Defending champion leading in Alaska's Iditarod race

Updated Mar. 4, 2020 4:31 p.m. ET

ANCHORAGE, Alaska (AP) Defending champion Dallas Seavey was leading Sunday in Alaska's Iditarod Trail Sled Dog Race, gunning for his fourth win in the nearly 1,000-mile (1,600-kilometer) contest, with his father among his closest rivals.

The younger Seavey left the checkpoint at the coastal village of Shaktoolik, 171 miles (275.19 kilometers) from the Nome finish line, mid-Sunday morning. His father, two-time Iditarod winner Mitch Seavey, was the second musher to reach the village. But second out of the village was earlier race leader Brent Sass, who left nearly an hour after Dallas Seavey.

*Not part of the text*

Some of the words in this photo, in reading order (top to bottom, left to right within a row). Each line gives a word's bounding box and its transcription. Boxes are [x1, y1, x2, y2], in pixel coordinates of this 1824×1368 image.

Meanwhile, a 26-year-old man was set to appear in court Sunday afternoon following his arrest Saturday on allegations he intentionally drove a snowmobile into the teams of two other top mushers, Aliy Zirkle and Jeff King. One of King's dogs, Nash, was killed and at least two other dogs were injured.

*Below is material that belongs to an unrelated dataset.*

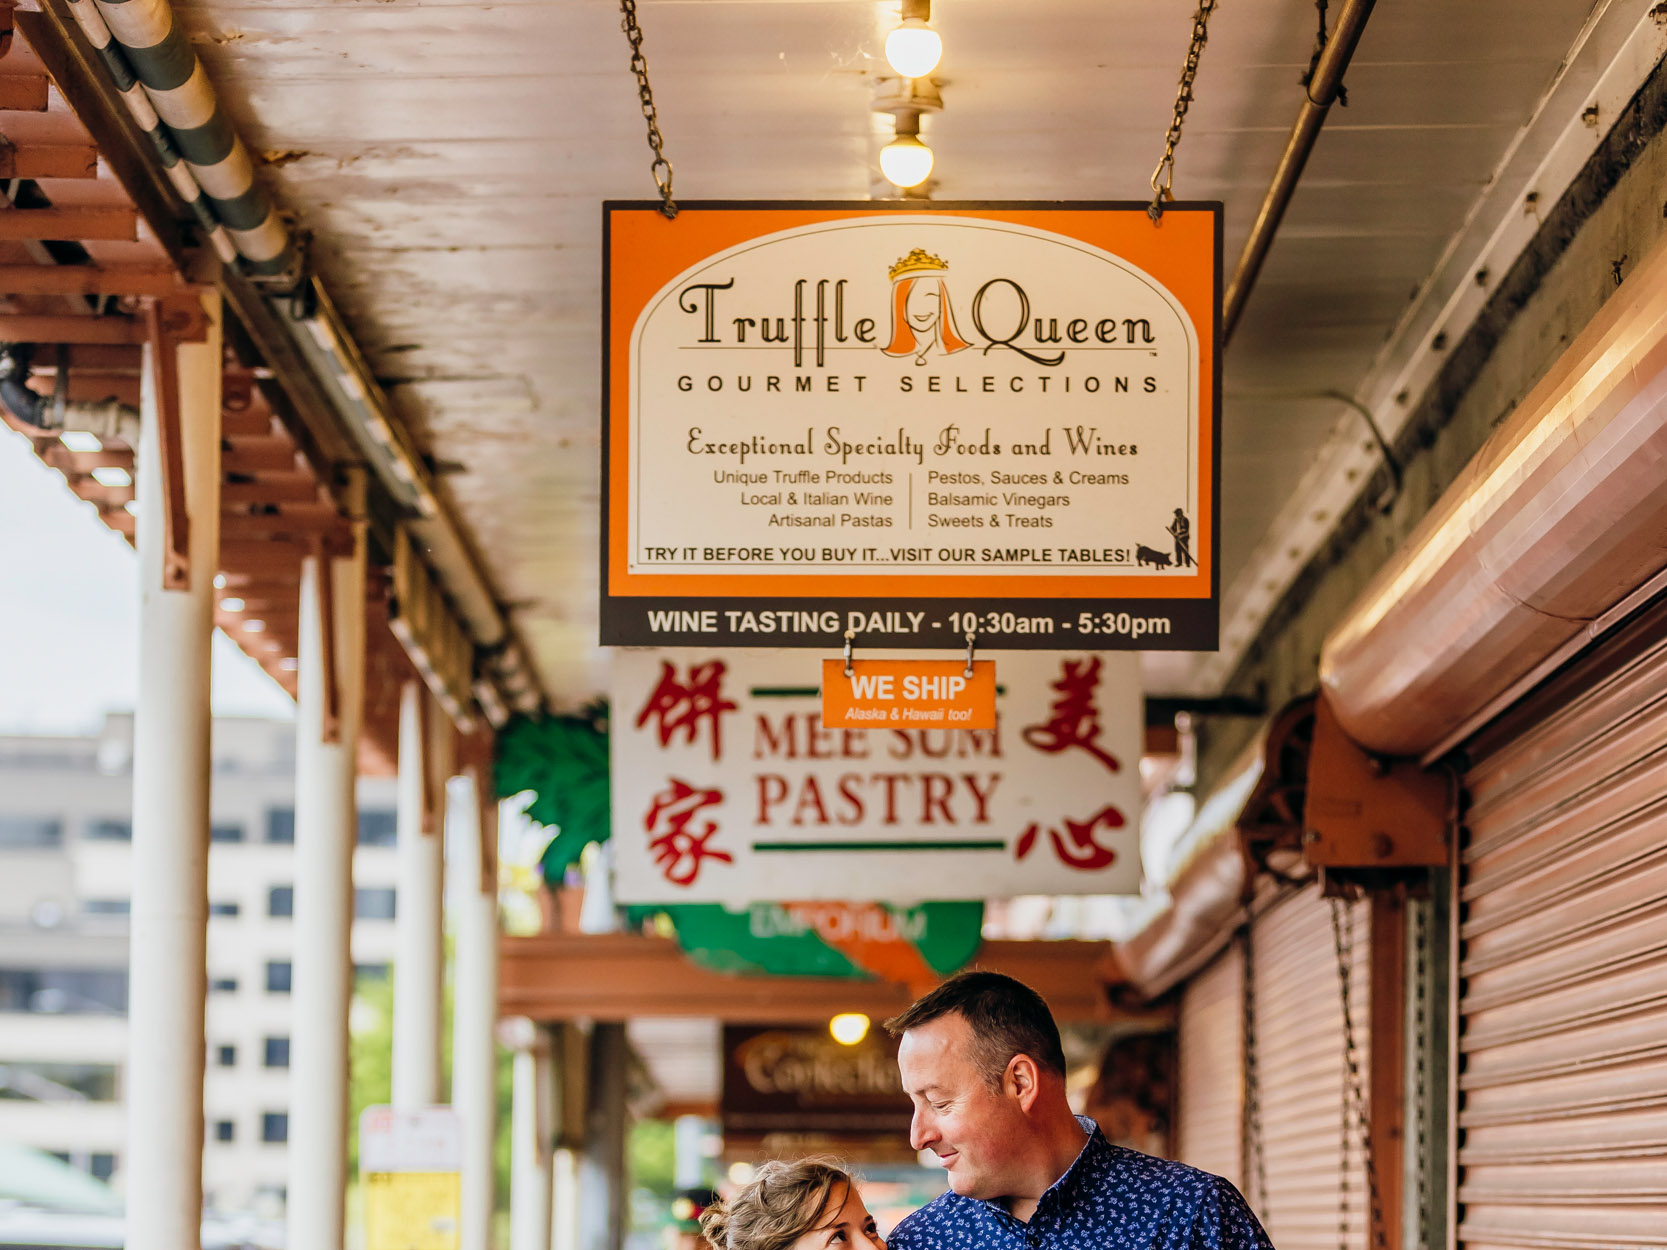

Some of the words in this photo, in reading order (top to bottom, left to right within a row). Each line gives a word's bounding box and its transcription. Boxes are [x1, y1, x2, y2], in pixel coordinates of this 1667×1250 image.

Arnold Demoski of the checkpoint village of Nulato (noo-LAH-toh) has said he was returning home from a night of drinking when he struck the teams.


The incident prompted the Nulato Tribal Council to issue a statement Saturday, saying it was ''disturbed and saddened'' by the incident and committed to working with authorities on the matter.

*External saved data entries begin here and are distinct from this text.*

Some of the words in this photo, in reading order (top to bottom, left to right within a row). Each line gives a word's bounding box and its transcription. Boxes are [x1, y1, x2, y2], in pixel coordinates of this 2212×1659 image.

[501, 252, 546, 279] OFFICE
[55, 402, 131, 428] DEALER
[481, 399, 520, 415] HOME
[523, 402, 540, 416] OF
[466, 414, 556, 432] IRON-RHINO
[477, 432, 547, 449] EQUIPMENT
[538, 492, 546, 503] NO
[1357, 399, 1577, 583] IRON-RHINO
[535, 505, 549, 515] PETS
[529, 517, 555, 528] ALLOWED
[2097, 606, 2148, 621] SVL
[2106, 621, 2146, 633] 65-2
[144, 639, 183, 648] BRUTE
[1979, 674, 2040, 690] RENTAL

''The tribe has a deep respect and admiration for the `Last Great Race on Earth' and the dedicated dog mushers and their beloved dogs,'' the council wrote. ''It is with great regret and sadness that we offer our condolences to Jeff King for the loss of his dog Nash. We pray for the speedy recovery of the other injured dogs.''

Demoski was arrested on suspicion of assault, reckless endangerment, reckless driving and six counts of criminal mischief.

Demoski told KTUU-TV that when he woke up Saturday morning and heard what had happened to the mushers, he checked his snowmobile and realized he had done it. The snowmobile was missing a part and had rust-colored stains, he said.

Demoski said he doesn't remember the collisions, which the Iditarod described as apparently intentional attacks.

''I just want to say I'm sorry,'' he said.

Zirkle, 46, who finished second three times from 2012 to 2014, was mushing from Kokukuk to Nulato, a run of less than 20 miles (32.19 kilometers) on the Yukon River, when she was hit, according to race marshal Mark Nordman.

The snowmobile hit the side of Zirkle's sled about 5 miles (8.05 kilometers) outside of Koyukuk, turned around multiple times and came back at her before driving off, Alaska State Troopers spokeswoman Megan Peters said by email.

The snowmobile reappeared 12 miles (19.31 kilometers) outside of Nulato. The driver revved up and was pointed at Zirkle before leaving, Peters said.

Demoski told KTUU that he did not return to harass Zirkle. He said he wanted to check to make sure she was OK.

One dog on Zirkle's team was bruised. Officials described the injury as non-life-threatening.